Kudos goes to VF highlighting the spectacular-ness of editors. So many newspapers and magazines seem to be dispensing with these positions as they send things online. It's reassuring to know that someone is upholding the integrity of the written word in the media.

Friday, July 24

Women in the Spotlight: Amelia Earhart

While I was in SF, I saw Public Enemies and Harry Potter and the Half-Blood Prince, both were good movies, but that's beside the point. They ran a preview before both movies that made me particularly excited: Amelia. At long last, someone is making a movie about Amelia Earhart. Growing up, she was one of the women I studied in school and read about. I was obsessed with knowing about her life. And I couldn't understand how nobody could know what had happened to her. I felt a special affinity for her in part because she was from Kansas (the state where I grew up), Atchison to be exact.
Amelia Earhart was the first aviatrix to fly solo across the Atlantic ocean as well as setting many other records and establishing an association for female pilots before she disappeared over the Pacific ocean while attempting to circumnavigate the world in 1937. This is a movie I will definitely be going to see. And I'm almost glad they waited so long to finally make a movie about her, because I think Hilary Swank is the perfect actress to portray her.

Tuesday, July 7

Free At Last!

Saturday marked the end of my time working in shoe hell. Whoo! A day earlier than I had expected. It's one of the few jobs I've quit in my life. The only one since college. And no matter how much I dreaded working there, quitting was hard. Or maybe awkward is a better word for it. I'd originally said (in my interview) that I planned to stay even if I got a full-time job. And it wasn't meant to be a lie, if I'd gotten any of the jobs I was interviewing for last spring, I would have had to just to make ends meet and pay back my parents. Plus, I worked with nice, cool people. But as my mom reminded me there are plenty of people out there who need that job more than me now. Besides, I was planning on giving notice anyway so that I could go on vacation and move. Now I get to take my vacation without having to stress about coming back and boxing all my stuff up afterwards. It's a good feeling. Which is something I haven't felt in quite awhile. And hopefully, this means the end of my nightmares about shoes.

Friday, July 3

Apparently, My Friend Is God (or, biblical history repeats itself)

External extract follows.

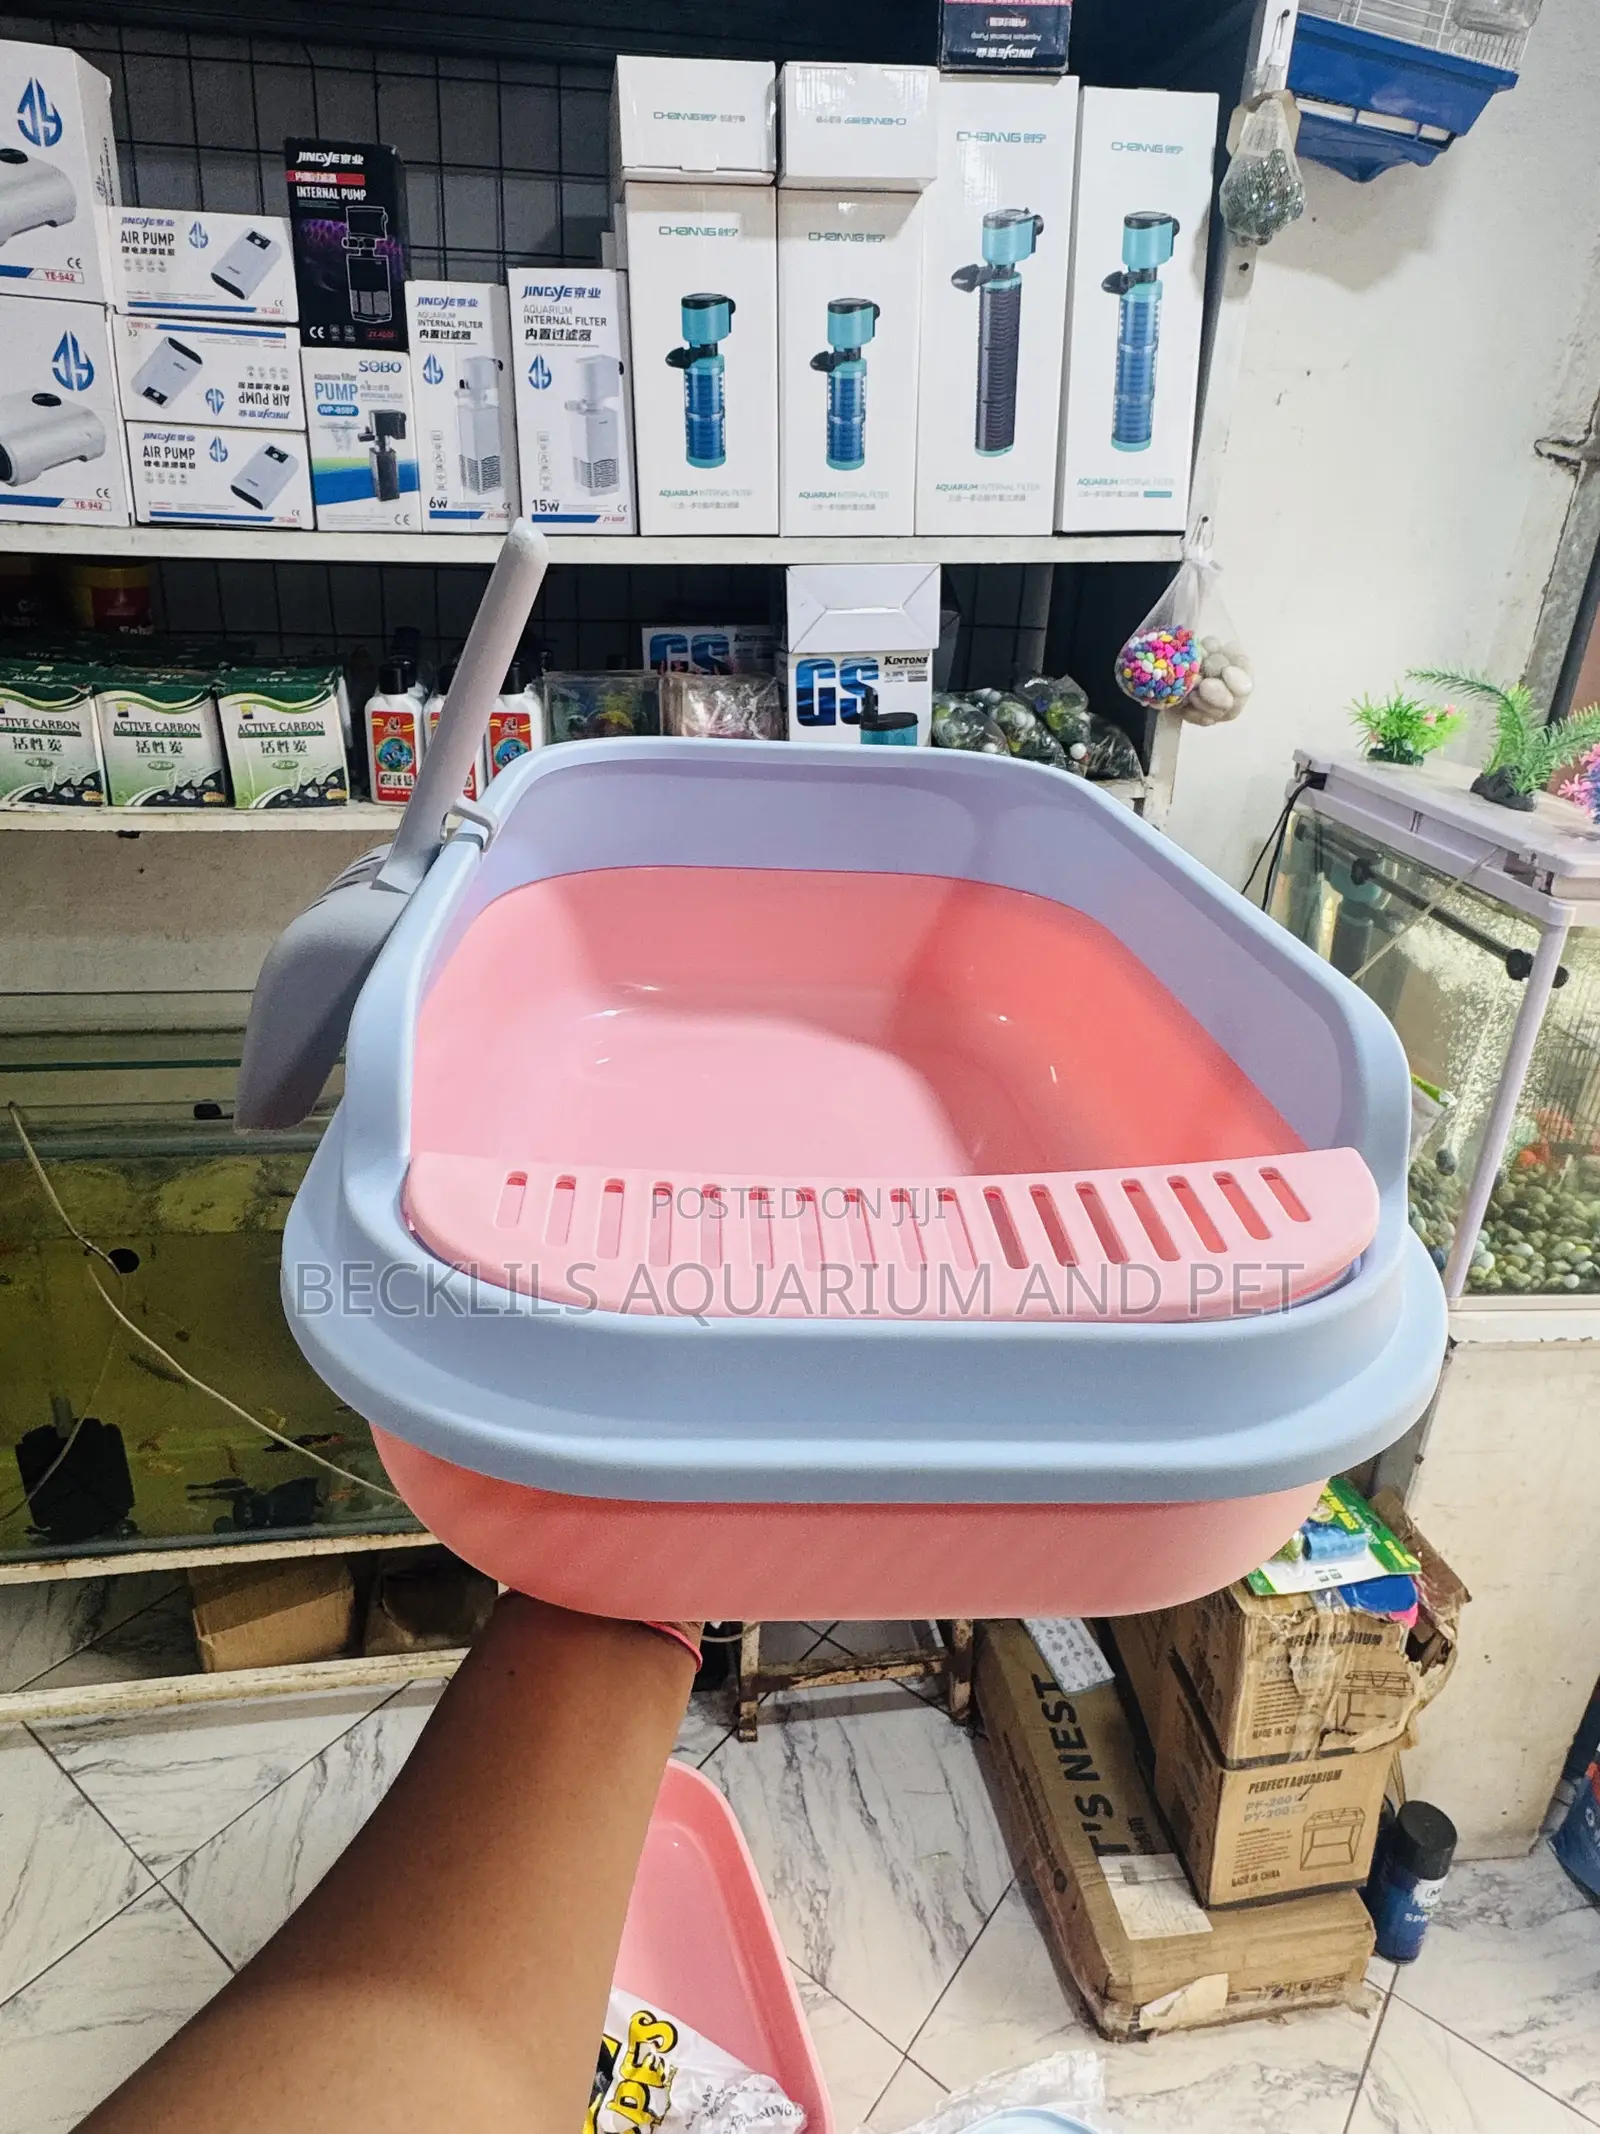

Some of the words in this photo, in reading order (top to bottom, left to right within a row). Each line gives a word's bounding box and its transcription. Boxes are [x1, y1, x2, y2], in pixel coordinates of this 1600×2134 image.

My friend and I were discussing (some might say arguing) the other day about links she threatened to send me. It all goes back a few years ago when she sent me a link to some comics and said, "By the way, don't read the first one on that page. It is the most disturbing thing I've ever read." Well, of course, I immediately wanted to know what would could possibly be that bad. So I read it. And, quite predictably, I responded with, "GAH!!!! How could you possibly send me that?!?!?" To which my friend said, "I told you not to read that." Which, I was forced to concede, was true.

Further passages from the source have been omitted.